Give back the entries below verbatim.

MATERIAL SHOWN: Begin

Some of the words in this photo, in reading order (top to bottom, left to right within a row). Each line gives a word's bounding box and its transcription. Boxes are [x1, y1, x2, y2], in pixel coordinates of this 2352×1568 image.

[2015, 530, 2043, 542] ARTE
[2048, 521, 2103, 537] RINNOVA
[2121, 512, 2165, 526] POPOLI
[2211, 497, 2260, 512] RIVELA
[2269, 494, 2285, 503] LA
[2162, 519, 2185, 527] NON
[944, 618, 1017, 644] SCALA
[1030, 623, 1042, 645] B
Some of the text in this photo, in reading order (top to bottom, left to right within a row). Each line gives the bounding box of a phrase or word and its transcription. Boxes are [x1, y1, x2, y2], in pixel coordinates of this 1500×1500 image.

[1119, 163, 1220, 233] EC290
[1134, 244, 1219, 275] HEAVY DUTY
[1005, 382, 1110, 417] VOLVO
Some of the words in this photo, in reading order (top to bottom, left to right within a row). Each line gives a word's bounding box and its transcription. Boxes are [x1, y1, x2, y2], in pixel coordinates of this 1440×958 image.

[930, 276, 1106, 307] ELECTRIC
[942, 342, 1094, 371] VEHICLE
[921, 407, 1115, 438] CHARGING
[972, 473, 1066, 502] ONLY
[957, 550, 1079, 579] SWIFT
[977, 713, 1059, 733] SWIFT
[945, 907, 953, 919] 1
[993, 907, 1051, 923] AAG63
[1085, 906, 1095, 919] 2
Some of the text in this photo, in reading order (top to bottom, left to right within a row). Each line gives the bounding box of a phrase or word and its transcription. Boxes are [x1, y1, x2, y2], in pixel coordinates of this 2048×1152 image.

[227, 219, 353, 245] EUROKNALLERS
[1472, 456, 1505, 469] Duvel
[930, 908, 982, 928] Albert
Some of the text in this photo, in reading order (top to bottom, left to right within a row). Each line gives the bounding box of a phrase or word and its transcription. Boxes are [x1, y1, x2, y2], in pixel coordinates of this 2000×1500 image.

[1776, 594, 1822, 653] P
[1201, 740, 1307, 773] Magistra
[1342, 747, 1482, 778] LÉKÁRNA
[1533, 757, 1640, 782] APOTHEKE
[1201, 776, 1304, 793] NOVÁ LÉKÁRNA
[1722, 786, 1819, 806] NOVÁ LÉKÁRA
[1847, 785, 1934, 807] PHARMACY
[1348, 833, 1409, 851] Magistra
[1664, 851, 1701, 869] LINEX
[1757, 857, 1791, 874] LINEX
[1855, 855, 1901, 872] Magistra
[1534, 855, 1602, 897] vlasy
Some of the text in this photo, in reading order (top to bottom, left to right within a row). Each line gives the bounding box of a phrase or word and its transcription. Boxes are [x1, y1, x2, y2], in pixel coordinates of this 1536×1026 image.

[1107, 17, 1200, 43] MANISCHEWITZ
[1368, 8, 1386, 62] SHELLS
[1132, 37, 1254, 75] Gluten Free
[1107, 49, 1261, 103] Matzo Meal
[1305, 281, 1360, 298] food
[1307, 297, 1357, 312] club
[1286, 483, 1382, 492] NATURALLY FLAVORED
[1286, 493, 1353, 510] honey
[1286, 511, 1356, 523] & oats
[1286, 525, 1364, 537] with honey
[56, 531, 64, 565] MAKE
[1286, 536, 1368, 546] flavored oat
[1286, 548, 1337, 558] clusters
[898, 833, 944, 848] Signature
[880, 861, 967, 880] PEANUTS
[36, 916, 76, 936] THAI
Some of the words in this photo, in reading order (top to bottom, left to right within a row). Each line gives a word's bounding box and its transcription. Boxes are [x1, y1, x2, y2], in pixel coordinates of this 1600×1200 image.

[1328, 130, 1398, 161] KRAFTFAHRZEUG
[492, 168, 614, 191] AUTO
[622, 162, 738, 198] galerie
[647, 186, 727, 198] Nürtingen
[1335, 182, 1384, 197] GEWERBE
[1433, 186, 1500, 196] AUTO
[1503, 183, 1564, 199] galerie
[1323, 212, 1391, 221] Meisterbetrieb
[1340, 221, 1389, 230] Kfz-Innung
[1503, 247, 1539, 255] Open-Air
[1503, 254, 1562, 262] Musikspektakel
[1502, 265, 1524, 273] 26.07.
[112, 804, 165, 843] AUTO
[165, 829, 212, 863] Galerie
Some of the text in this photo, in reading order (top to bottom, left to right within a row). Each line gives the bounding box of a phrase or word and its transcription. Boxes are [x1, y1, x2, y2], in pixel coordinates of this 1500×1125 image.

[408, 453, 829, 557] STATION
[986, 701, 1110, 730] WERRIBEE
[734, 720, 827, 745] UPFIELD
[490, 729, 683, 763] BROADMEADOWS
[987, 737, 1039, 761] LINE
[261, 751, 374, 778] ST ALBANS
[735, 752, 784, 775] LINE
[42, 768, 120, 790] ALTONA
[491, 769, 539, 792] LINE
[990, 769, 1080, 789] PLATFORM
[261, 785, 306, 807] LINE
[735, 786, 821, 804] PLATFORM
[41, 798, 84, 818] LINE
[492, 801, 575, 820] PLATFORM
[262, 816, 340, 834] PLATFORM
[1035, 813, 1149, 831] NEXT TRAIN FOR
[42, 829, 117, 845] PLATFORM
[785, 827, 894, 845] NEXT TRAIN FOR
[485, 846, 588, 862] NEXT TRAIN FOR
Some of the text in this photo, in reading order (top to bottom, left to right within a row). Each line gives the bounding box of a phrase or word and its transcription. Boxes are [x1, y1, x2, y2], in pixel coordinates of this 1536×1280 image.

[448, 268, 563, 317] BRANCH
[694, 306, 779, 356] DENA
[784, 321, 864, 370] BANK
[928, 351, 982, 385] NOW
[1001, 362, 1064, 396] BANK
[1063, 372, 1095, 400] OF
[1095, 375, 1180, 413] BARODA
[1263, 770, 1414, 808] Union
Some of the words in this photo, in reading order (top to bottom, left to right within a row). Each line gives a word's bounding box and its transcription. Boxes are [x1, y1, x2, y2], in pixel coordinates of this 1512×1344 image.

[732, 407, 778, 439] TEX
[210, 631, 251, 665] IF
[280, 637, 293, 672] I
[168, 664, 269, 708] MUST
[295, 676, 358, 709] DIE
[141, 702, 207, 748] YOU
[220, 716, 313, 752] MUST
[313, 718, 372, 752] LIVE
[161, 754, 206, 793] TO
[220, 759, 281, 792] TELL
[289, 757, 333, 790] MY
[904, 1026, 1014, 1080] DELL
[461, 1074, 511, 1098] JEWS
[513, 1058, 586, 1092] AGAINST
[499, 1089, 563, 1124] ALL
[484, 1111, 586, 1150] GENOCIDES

MATERIAL SHOWN: End

THE ANSWER:
Some of the words in this photo, in reading order (top to bottom, left to right within a row). Each line gives a word's bounding box and its transcription. Boxes are [x1, y1, x2, y2], in pixel coordinates of this 2352×1568 image.

[2015, 530, 2043, 542] ARTE
[2048, 521, 2103, 537] RINNOVA
[2121, 512, 2165, 526] POPOLI
[2211, 497, 2260, 512] RIVELA
[2269, 494, 2285, 503] LA
[2162, 519, 2185, 527] NON
[944, 618, 1017, 644] SCALA
[1030, 623, 1042, 645] B
Some of the text in this photo, in reading order (top to bottom, left to right within a row). Each line gives the bounding box of a phrase or word and its transcription. Boxes are [x1, y1, x2, y2], in pixel coordinates of this 1500×1500 image.

[1119, 163, 1220, 233] EC290
[1134, 244, 1219, 275] HEAVY DUTY
[1005, 382, 1110, 417] VOLVO
Some of the words in this photo, in reading order (top to bottom, left to right within a row). Each line gives a word's bounding box and its transcription. Boxes are [x1, y1, x2, y2], in pixel coordinates of this 1440×958 image.

[930, 276, 1106, 307] ELECTRIC
[942, 342, 1094, 371] VEHICLE
[921, 407, 1115, 438] CHARGING
[972, 473, 1066, 502] ONLY
[957, 550, 1079, 579] SWIFT
[977, 713, 1059, 733] SWIFT
[945, 907, 953, 919] 1
[993, 907, 1051, 923] AAG63
[1085, 906, 1095, 919] 2
Some of the text in this photo, in reading order (top to bottom, left to right within a row). Each line gives the bounding box of a phrase or word and its transcription. Boxes are [x1, y1, x2, y2], in pixel coordinates of this 2048×1152 image.

[227, 219, 353, 245] EUROKNALLERS
[1472, 456, 1505, 469] Duvel
[930, 908, 982, 928] Albert
Some of the text in this photo, in reading order (top to bottom, left to right within a row). Each line gives the bounding box of a phrase or word and its transcription. Boxes are [x1, y1, x2, y2], in pixel coordinates of this 2000×1500 image.

[1776, 594, 1822, 653] P
[1201, 740, 1307, 773] Magistra
[1342, 747, 1482, 778] LÉKÁRNA
[1533, 757, 1640, 782] APOTHEKE
[1201, 776, 1304, 793] NOVÁ LÉKÁRNA
[1722, 786, 1819, 806] NOVÁ LÉKÁRA
[1847, 785, 1934, 807] PHARMACY
[1348, 833, 1409, 851] Magistra
[1664, 851, 1701, 869] LINEX
[1757, 857, 1791, 874] LINEX
[1855, 855, 1901, 872] Magistra
[1534, 855, 1602, 897] vlasy
Some of the text in this photo, in reading order (top to bottom, left to right within a row). Each line gives the bounding box of a phrase or word and its transcription. Boxes are [x1, y1, x2, y2], in pixel coordinates of this 1536×1026 image.

[1107, 17, 1200, 43] MANISCHEWITZ
[1368, 8, 1386, 62] SHELLS
[1132, 37, 1254, 75] Gluten Free
[1107, 49, 1261, 103] Matzo Meal
[1305, 281, 1360, 298] food
[1307, 297, 1357, 312] club
[1286, 483, 1382, 492] NATURALLY FLAVORED
[1286, 493, 1353, 510] honey
[1286, 511, 1356, 523] & oats
[1286, 525, 1364, 537] with honey
[56, 531, 64, 565] MAKE
[1286, 536, 1368, 546] flavored oat
[1286, 548, 1337, 558] clusters
[898, 833, 944, 848] Signature
[880, 861, 967, 880] PEANUTS
[36, 916, 76, 936] THAI
Some of the words in this photo, in reading order (top to bottom, left to right within a row). Each line gives a word's bounding box and its transcription. Boxes are [x1, y1, x2, y2], in pixel coordinates of this 1600×1200 image.

[1328, 130, 1398, 161] KRAFTFAHRZEUG
[492, 168, 614, 191] AUTO
[622, 162, 738, 198] galerie
[647, 186, 727, 198] Nürtingen
[1335, 182, 1384, 197] GEWERBE
[1433, 186, 1500, 196] AUTO
[1503, 183, 1564, 199] galerie
[1323, 212, 1391, 221] Meisterbetrieb
[1340, 221, 1389, 230] Kfz-Innung
[1503, 247, 1539, 255] Open-Air
[1503, 254, 1562, 262] Musikspektakel
[1502, 265, 1524, 273] 26.07.
[112, 804, 165, 843] AUTO
[165, 829, 212, 863] Galerie
Some of the text in this photo, in reading order (top to bottom, left to right within a row). Each line gives the bounding box of a phrase or word and its transcription. Boxes are [x1, y1, x2, y2], in pixel coordinates of this 1500×1125 image.

[408, 453, 829, 557] STATION
[986, 701, 1110, 730] WERRIBEE
[734, 720, 827, 745] UPFIELD
[490, 729, 683, 763] BROADMEADOWS
[987, 737, 1039, 761] LINE
[261, 751, 374, 778] ST ALBANS
[735, 752, 784, 775] LINE
[42, 768, 120, 790] ALTONA
[491, 769, 539, 792] LINE
[990, 769, 1080, 789] PLATFORM
[261, 785, 306, 807] LINE
[735, 786, 821, 804] PLATFORM
[41, 798, 84, 818] LINE
[492, 801, 575, 820] PLATFORM
[262, 816, 340, 834] PLATFORM
[1035, 813, 1149, 831] NEXT TRAIN FOR
[42, 829, 117, 845] PLATFORM
[785, 827, 894, 845] NEXT TRAIN FOR
[485, 846, 588, 862] NEXT TRAIN FOR
Some of the text in this photo, in reading order (top to bottom, left to right within a row). Each line gives the bounding box of a phrase or word and its transcription. Boxes are [x1, y1, x2, y2], in pixel coordinates of this 1536×1280 image.

[448, 268, 563, 317] BRANCH
[694, 306, 779, 356] DENA
[784, 321, 864, 370] BANK
[928, 351, 982, 385] NOW
[1001, 362, 1064, 396] BANK
[1063, 372, 1095, 400] OF
[1095, 375, 1180, 413] BARODA
[1263, 770, 1414, 808] Union
Some of the words in this photo, in reading order (top to bottom, left to right within a row). Each line gives a word's bounding box and its transcription. Boxes are [x1, y1, x2, y2], in pixel coordinates of this 1512×1344 image.

[732, 407, 778, 439] TEX
[210, 631, 251, 665] IF
[280, 637, 293, 672] I
[168, 664, 269, 708] MUST
[295, 676, 358, 709] DIE
[141, 702, 207, 748] YOU
[220, 716, 313, 752] MUST
[313, 718, 372, 752] LIVE
[161, 754, 206, 793] TO
[220, 759, 281, 792] TELL
[289, 757, 333, 790] MY
[904, 1026, 1014, 1080] DELL
[461, 1074, 511, 1098] JEWS
[513, 1058, 586, 1092] AGAINST
[499, 1089, 563, 1124] ALL
[484, 1111, 586, 1150] GENOCIDES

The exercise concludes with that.